Cinco minutos con David Foster Wallace

El David Foster Wallace fractal. El que se expande en un juego de repetición/creación hasta obtener una estructura final complicada, extensa, que se puede asir, que es impresionante. Una obra que es obra de la acumulación, y esta acumulación, en esta suerte de escritor que parecía no echar a la basura ningún papel, ninguna idea, y coleccionar hasta pies de página, es lo que atrapa y repele. Y esa necesidad de sumar oraciones, ideas, explicaciones, nociones, historias detrás de historias (posmodernismo para el pueblo) nos habla de una experiencia temporal para el lector, y nos coloca en posición de preguntarnos: ¿qué demonios pasaba por su cabeza para dedicarse a estos proyectos tan grandes, tan extensos?
No hay que responder la pregunta.
Es torpe hacerse una pregunta.
No hay torpeza para un lector de David Foster Wallace.
Especialmente cuando caes en el terreno en el que menos se lo espera: en ese espacio en que su obra dura poco, en el que las páginas de algún cuento o ensayo se cuentan con los dedos de las dos manos. El David Foster Wallace que se lee en cinco minutos tiene la potencia de esa obra que dura mil páginas. 
Siempre que me preguntan sobre David Foster Wallace empiezo por esto, por los textos cortos que suelen contener, entre otras cosas, ese universo en eterna construcción, que es lo que termina por definir todo su trabajo. Empiezo por el final, por lo menor, por lo menos impactante, pero que se sigue expandiendo en tu cabeza cuando cierras el libro y piensas en las líneas de, digamos, “Encarnaciones de niños quemados”, cuento incluido en Extinción (Publicado originalmente en inglés como Oblivion, en 2004), el último libro de relatos que publicó antes de acomodar de mejor manera todo lo que estaba escribiendo y colgarse. 
El padre arregla la puerta de un inquilino y llega el grito. Corre y ve al niño mojado, rojo, gritando. De él sale vapor. La madre también grita. La desesperación gana y todo va y viene. Ir y venir, la marea de la desesperanza. Nos movemos con ese narrador que solo documenta desde la distancia, desde la cabeza de los seres que estamos contemplando, desde afuera y adentro. Esa distancia te desbarata. La cercanía te golpea. Esa distancia es el agua caliente que ha quemado y que sigue quemando. Lees, son dos páginas y algo más. Sabes que eso que pasa mientras avanzas con tu lectura es también la construcción del ciclo vital del agua. Piensas que eres líquido, que eso está en ti, también. Asumes el contacto y lo frágil que puede ser el tránsito de una etapa a otra. El padre recuerda, la voz que nos cuenta todo sabe lo que va a venir después. Reprochamos, porque es necesario hacer del reproche otra de las etapas de transición de la vida, que se escapa. ¿Por qué ese suplicio? El agua es también horror y sabes que David Foster Wallace no abandera la gran literatura por ser gran literatura. Hay algo ahí con esos géneros pequeños o menores que él trata con el mayor de los respetos. Es la vida, se trata de eso. También de la muerte.
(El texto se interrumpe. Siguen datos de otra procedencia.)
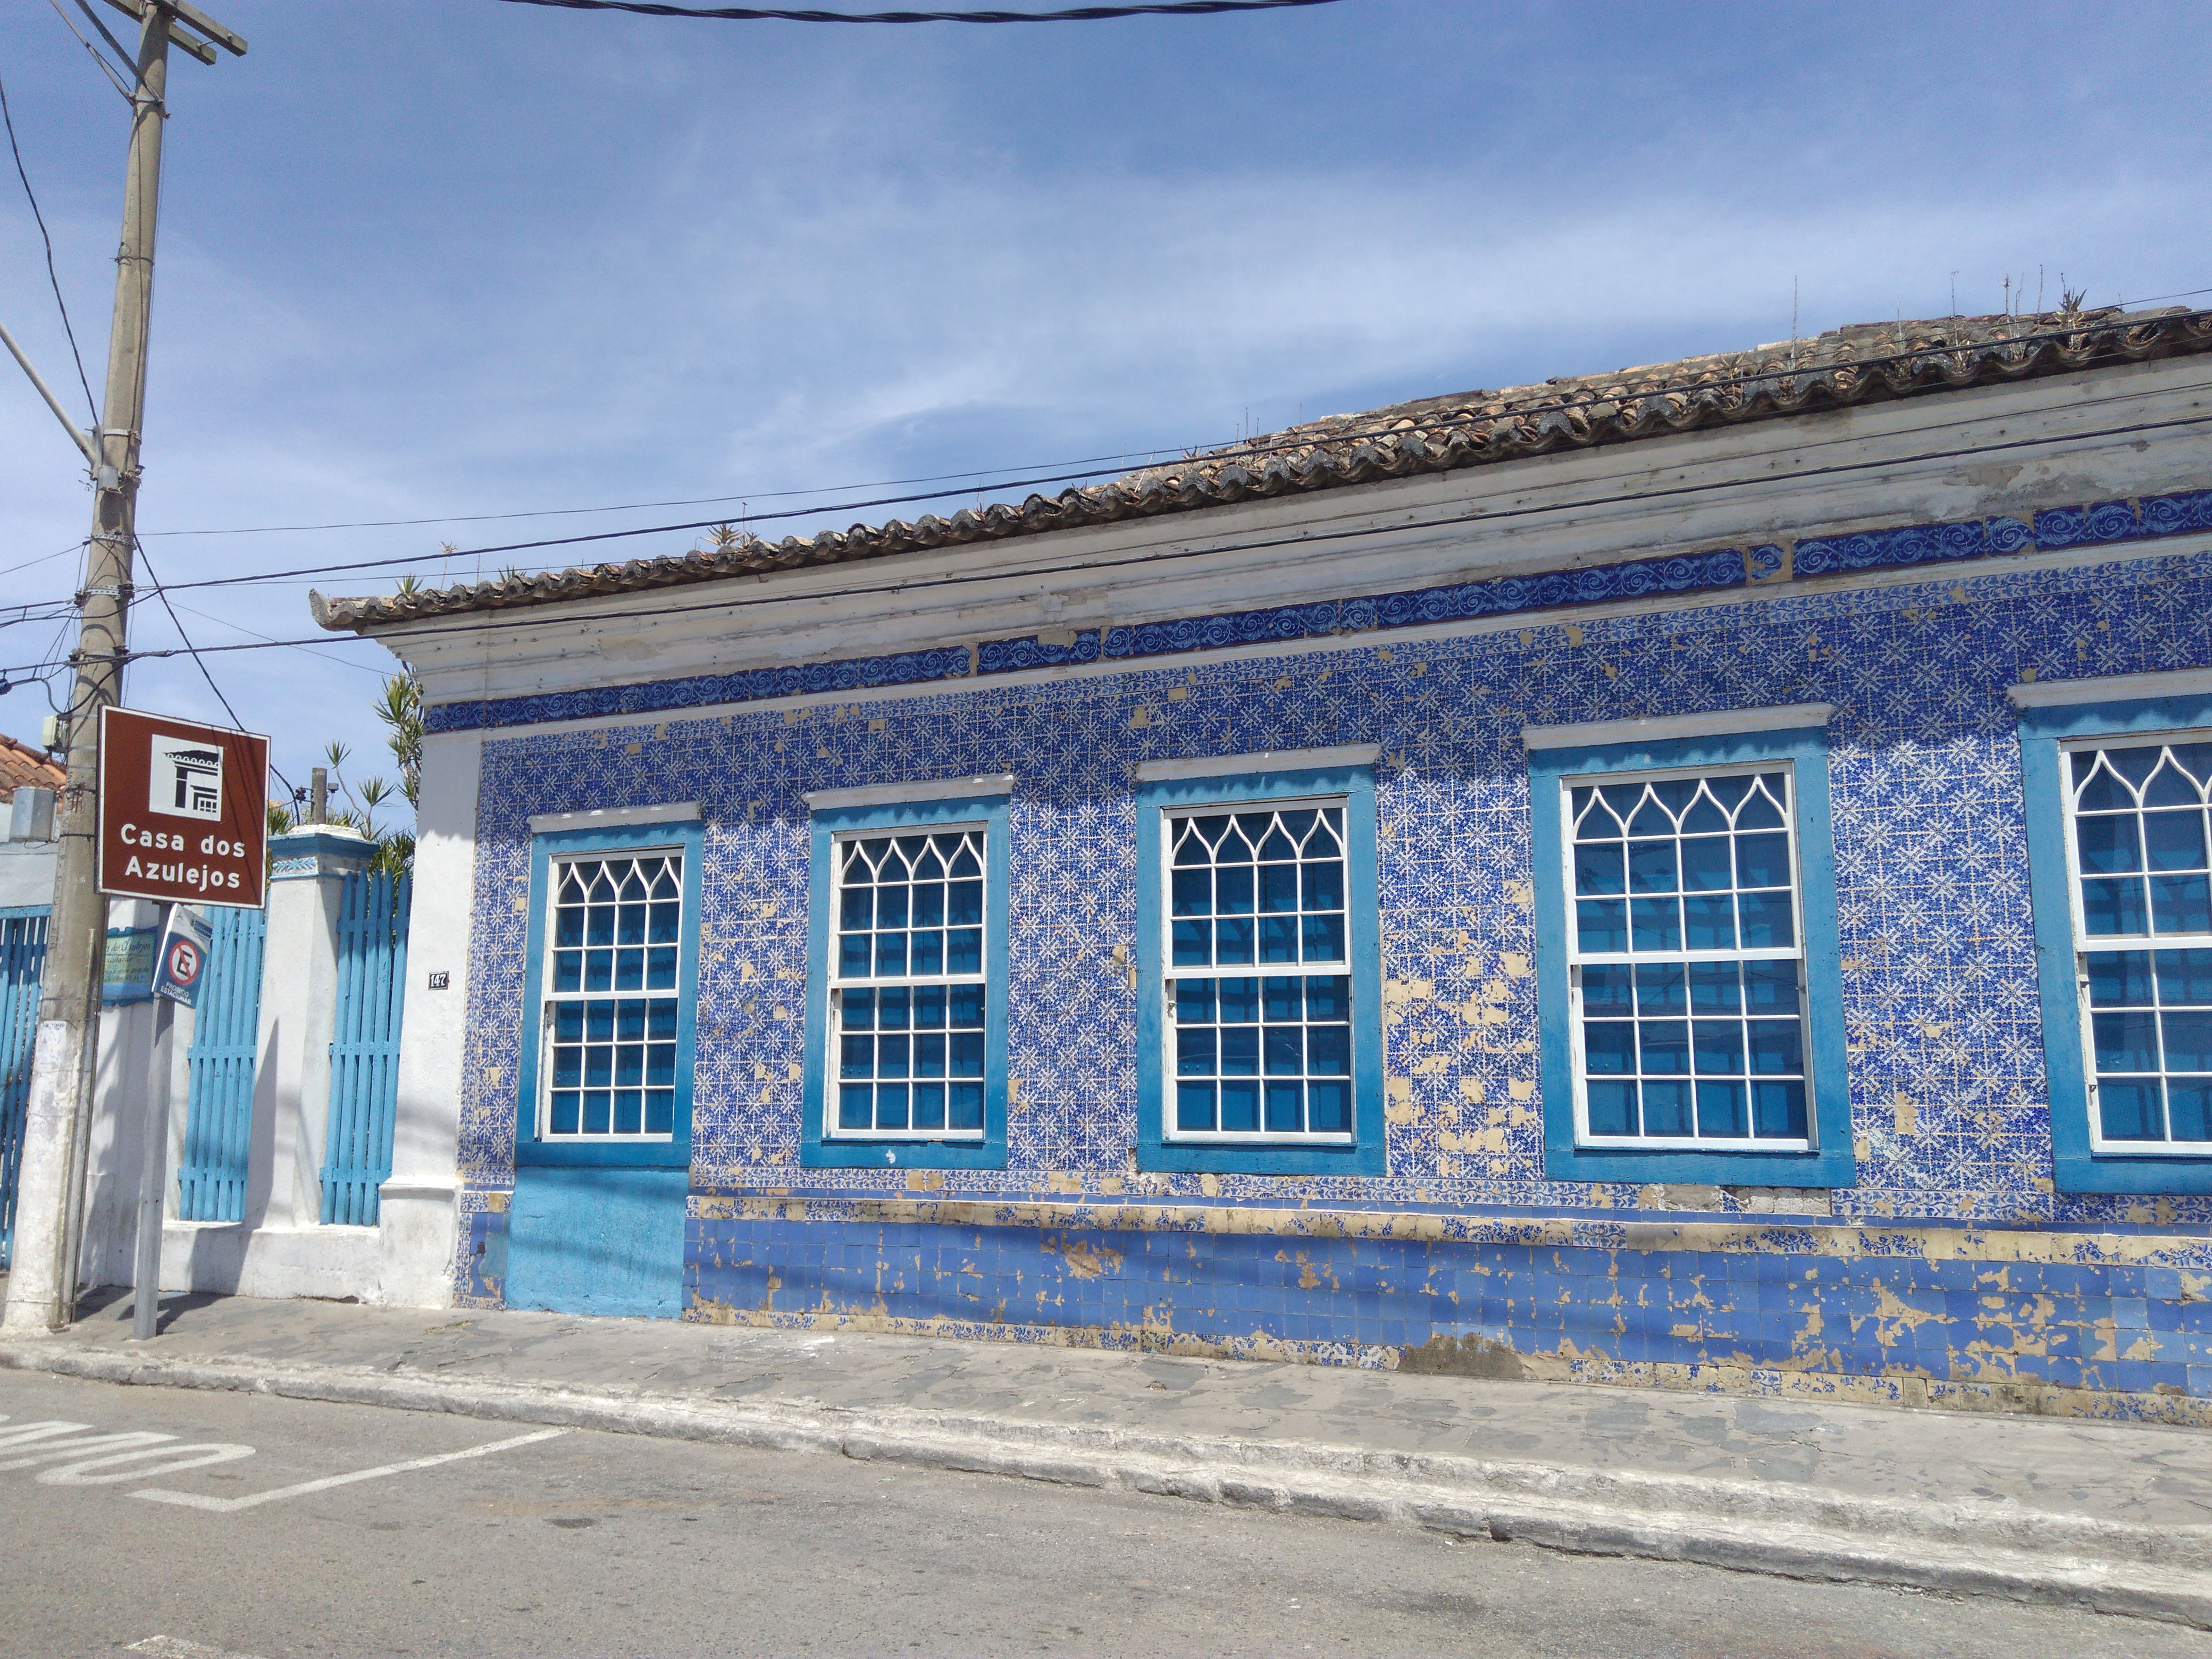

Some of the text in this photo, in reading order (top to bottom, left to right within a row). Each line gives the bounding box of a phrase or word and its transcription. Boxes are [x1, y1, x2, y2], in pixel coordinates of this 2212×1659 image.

[121, 823, 246, 858] Casa dos
[124, 855, 240, 892] Azulejos
[166, 981, 189, 998] PROIBIDO
[430, 974, 447, 987] 147
[160, 985, 192, 1006] ESTACIONAR
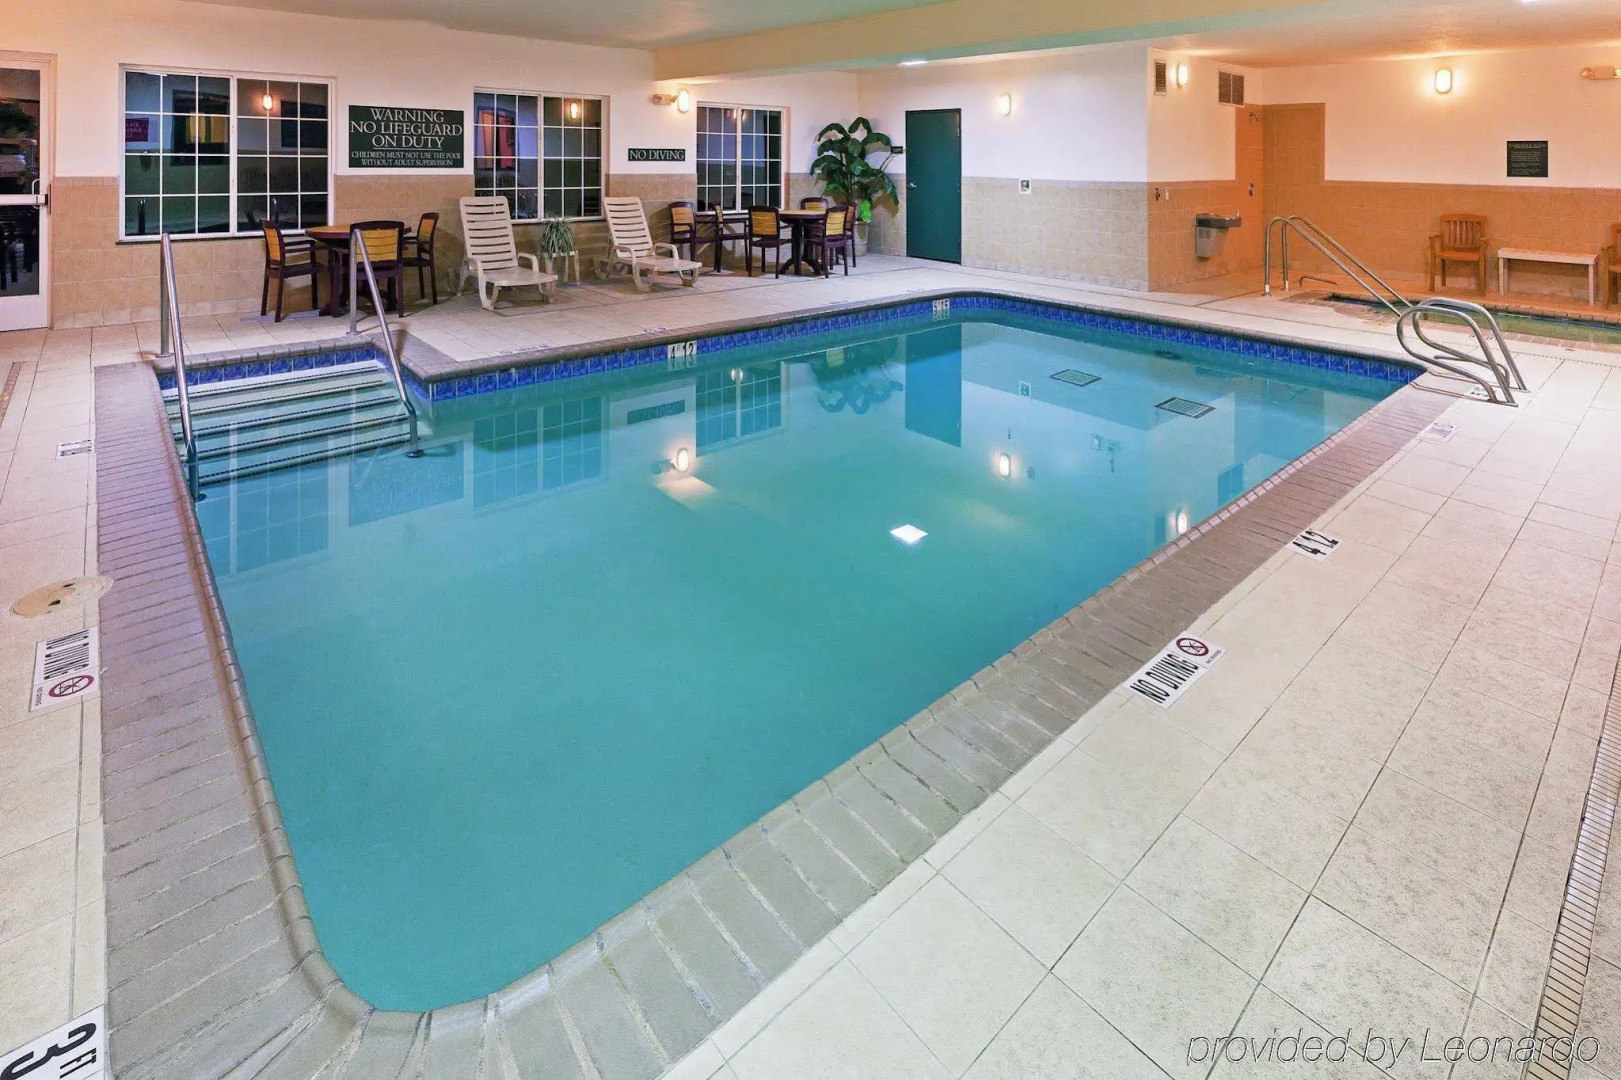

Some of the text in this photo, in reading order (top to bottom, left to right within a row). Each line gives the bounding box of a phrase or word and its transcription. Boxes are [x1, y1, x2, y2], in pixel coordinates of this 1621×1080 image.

“Encarnaciones de niños quemados” no se puede leer sino como un cuento enmarcado en el horror, con un narrador que avanza como el cauce de un río, en un solo párrafo gigante, que cuenta y nos lanza un puñete como si fuera una frase cualquiera. “Si nunca han llorado ustedes y quieren llorar, tengan un hijo”. El cuento se difumina, no profundiza en el dolor porque ya lo sabemos, le abrimos el camino en nosotros. Porque un niño quemado siempre nos va a destrozar la calma, va a doler. La narración es el flujo del agua que no es vital. El mismo flujo que nos da un final que consigue hacernos respirar con la dificultad de una mano agarrándonos del cuello. 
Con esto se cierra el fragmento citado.